Qu’y avait-il eu entre eux deux durant cette année universitaire 1985/1986 ? Un simple compagnonnage d’étudiants ? Probablement plus. On ne retrouve pas 25 ans plus tard une simple condisciple avec l’émotion manifestée lors de la rencontre à laquelle j’avais assisté. Y avait-il une complicité politique nouée entre deux militants ? Cela semblait peu vraisemblable selon la chronologie acceptée. Car si dans les renseignements que j’obtins de mes correspondants parisiens, Evelyne Coignard militait à l’époque dans un groupe trotskiste, il n’en était pas de même de Jean-Pierre Leaubrac. Celui-ci rappelait souvent dans ses interviews que son engagement politique datait précisément de juin 86 – donc à la fin de la période qui m’intéressait. C’est en effet le retour de la droite au pouvoir, la nomination de Chirac comme Premier Ministre par Mitterrand et la première cohabitation qui avait déclenché en lui une prise de conscience et une volonté de s’engager. Il s’était d’emblée inscrit au Parti socialiste. Par la même occasion il avait changé de filière à Sciences Po, avait opté pour Services Publics, la voie royale qui mène à l’Ena et aux plus hautes carrières de l’état. Cela lui avait valu d’ailleurs de n’avoir son diplôme que l’année suivante en 87. A l’époque Evelyne Coignard était partie au Proche-Orient.
Alors ? Restait l’hypothèse que JPL ne disait pas tout dans ses interviews et son historiographie officielle. Cela, avec les hommes politiques, s’est déjà vu. Ou tout simplement qu’il y avait eu une histoire sentimentale, une romance entre les deux jeunes étudiants de la rue Saint Guillaume. Rien de plus.
Moi, en tout cas, et les gens avec lesquels je travaille, ceux pour lesquels je mène mes activités, nous sommes plutôt enclins à voir des implications politiques dans la plupart des faits qui concernent les hommes de pouvoir. Déformation professionnelle peut-être.
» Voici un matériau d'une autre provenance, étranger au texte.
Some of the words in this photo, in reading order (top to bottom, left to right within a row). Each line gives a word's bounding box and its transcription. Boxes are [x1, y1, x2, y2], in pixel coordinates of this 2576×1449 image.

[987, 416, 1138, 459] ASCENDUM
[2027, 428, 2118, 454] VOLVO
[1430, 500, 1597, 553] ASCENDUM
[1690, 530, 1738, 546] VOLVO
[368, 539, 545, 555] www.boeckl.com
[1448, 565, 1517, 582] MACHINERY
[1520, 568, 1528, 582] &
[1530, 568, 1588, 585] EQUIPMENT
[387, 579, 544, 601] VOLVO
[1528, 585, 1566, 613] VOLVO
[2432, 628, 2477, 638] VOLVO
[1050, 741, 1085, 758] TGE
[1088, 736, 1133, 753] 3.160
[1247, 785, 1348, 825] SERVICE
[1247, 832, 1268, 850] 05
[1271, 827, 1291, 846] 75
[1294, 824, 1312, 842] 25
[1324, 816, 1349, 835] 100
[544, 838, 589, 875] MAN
Mais il se trouve que les faits nous ont souvent donné raison. Les hommes politiques de droite, je les laisse tranquilles. C’est à ceux de gauche que je m’intéresse.
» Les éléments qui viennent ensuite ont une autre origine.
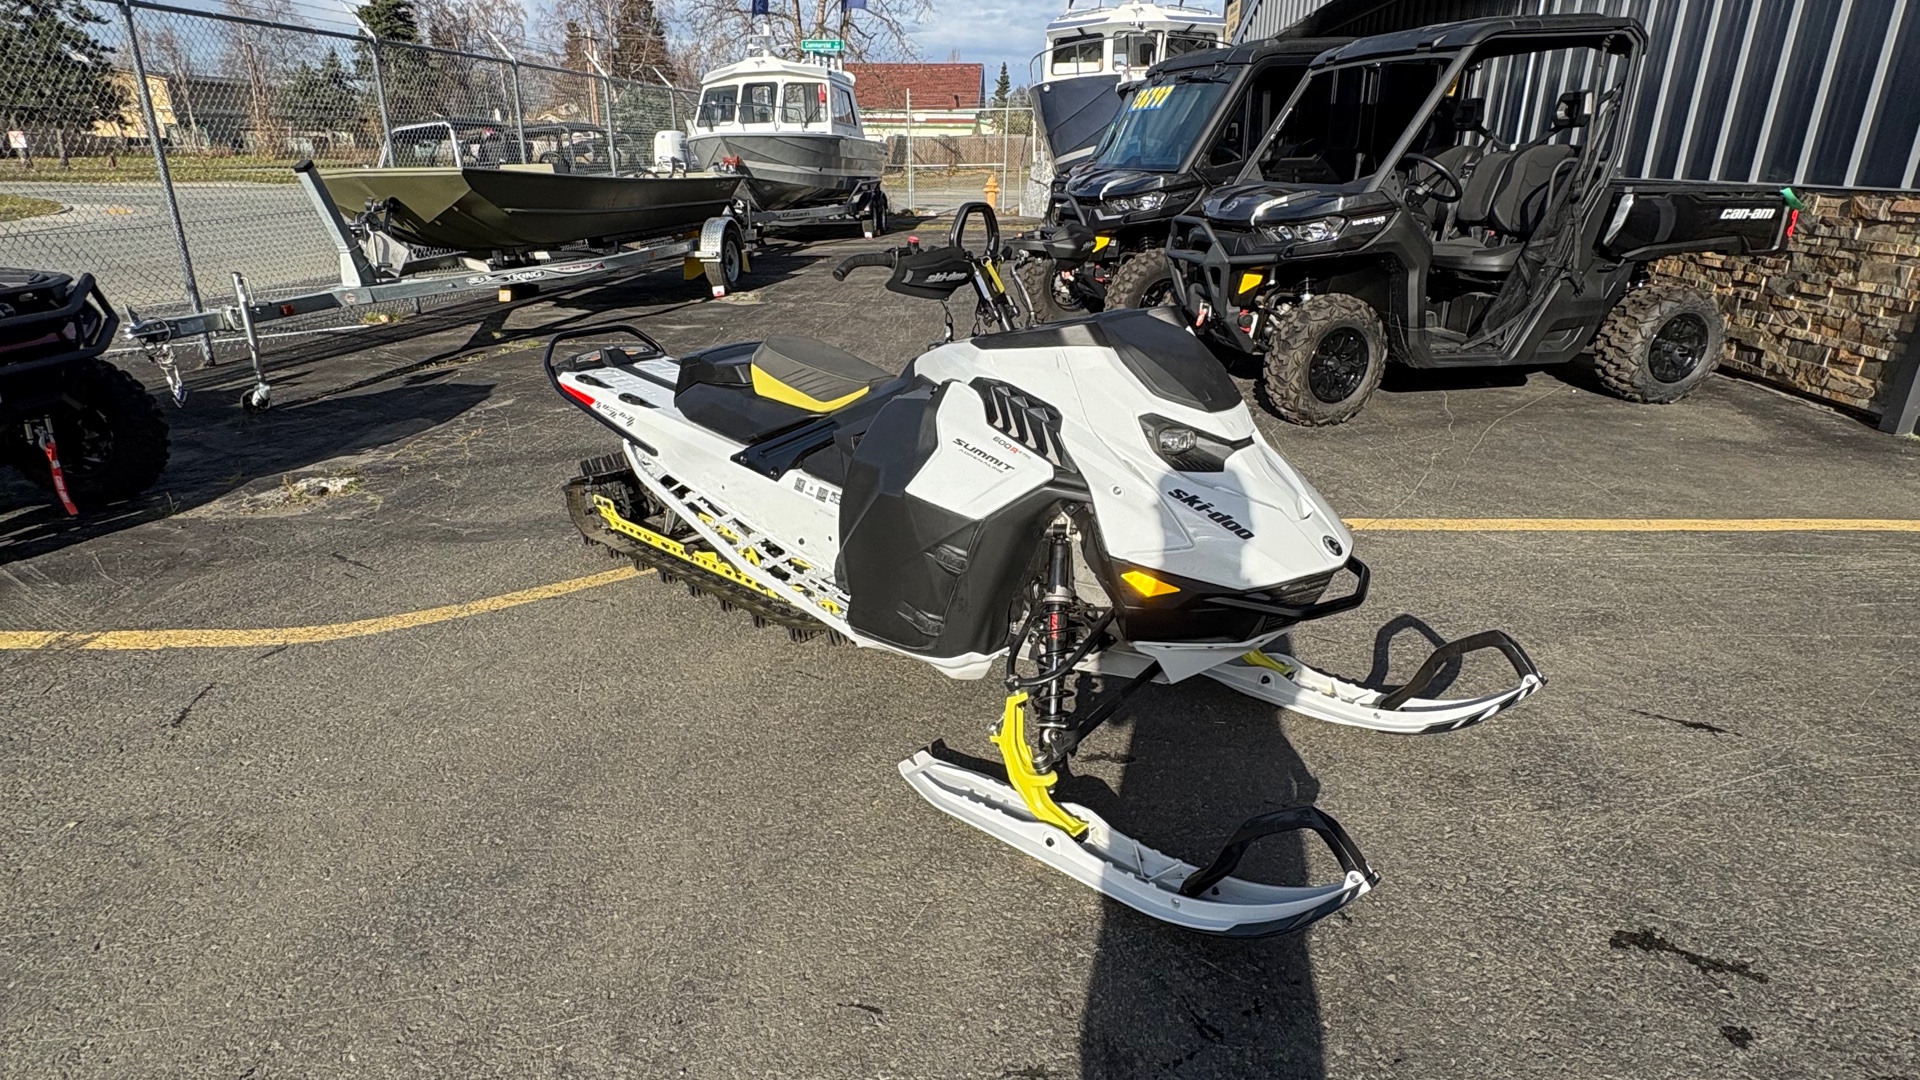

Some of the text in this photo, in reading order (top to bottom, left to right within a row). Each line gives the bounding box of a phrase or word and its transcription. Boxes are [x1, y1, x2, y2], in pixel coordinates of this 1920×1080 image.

[1352, 216, 1387, 226] DEFENDER
[1720, 208, 1776, 220] can-am
[925, 271, 968, 283] ski-doo
[992, 436, 1019, 454] 600R
[952, 438, 1016, 471] SUMMIT
[958, 448, 1005, 474] ADRENALINE
[1167, 488, 1255, 540] ski-doo
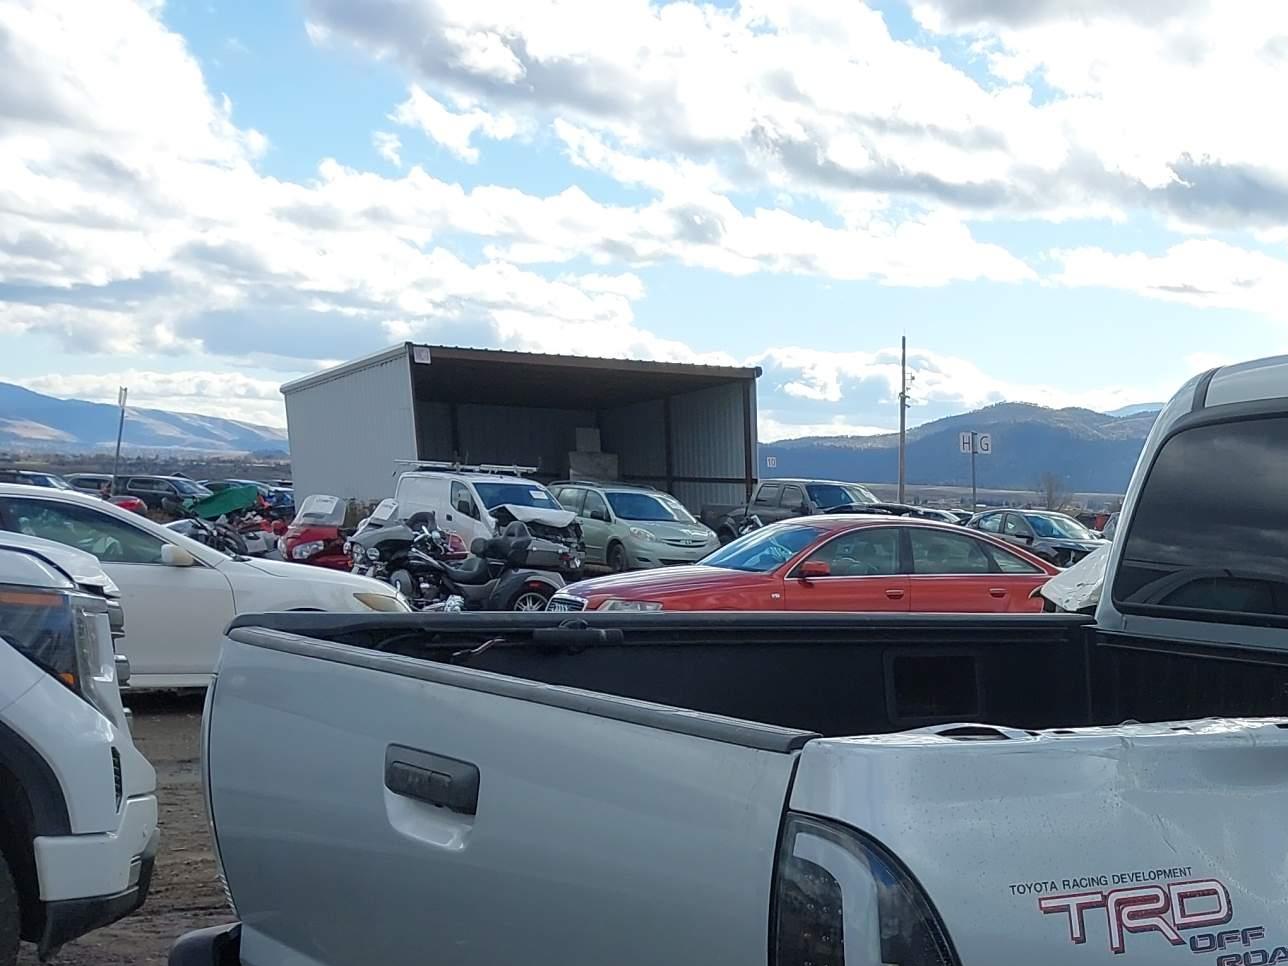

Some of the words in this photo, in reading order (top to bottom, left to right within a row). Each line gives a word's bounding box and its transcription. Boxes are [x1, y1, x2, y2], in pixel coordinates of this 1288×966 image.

[962, 434, 971, 451] H
[980, 435, 989, 452] G
[1009, 881, 1058, 895] TOYOTA
[1062, 875, 1109, 890] RACING
[1112, 867, 1192, 884] DEVELOPMENT
[1038, 878, 1233, 954] TRD
[1189, 925, 1266, 954] OFF
Le lendemain de la rencontre fortuite entre Jean-Pierre Leaubrac et Evelyne Coignard, muni des informations que j’avais obtenues, je planquais de nouveau au pied de l’hôtel où résidaient le leader socialiste et sa petite famille. C’était un petit hôtel discret quoique de bon standing, établi loin des zones fréquentées par la masse des touristes et les gens qui veulent se faire voir. Si je vous dis qu’il a pour nom hôtel Basileus ça ne vous avancera guère. Il est à un quart d’heure à pied de la piazzale Roma d’où partent et arrivent les cars pour l’aéroport.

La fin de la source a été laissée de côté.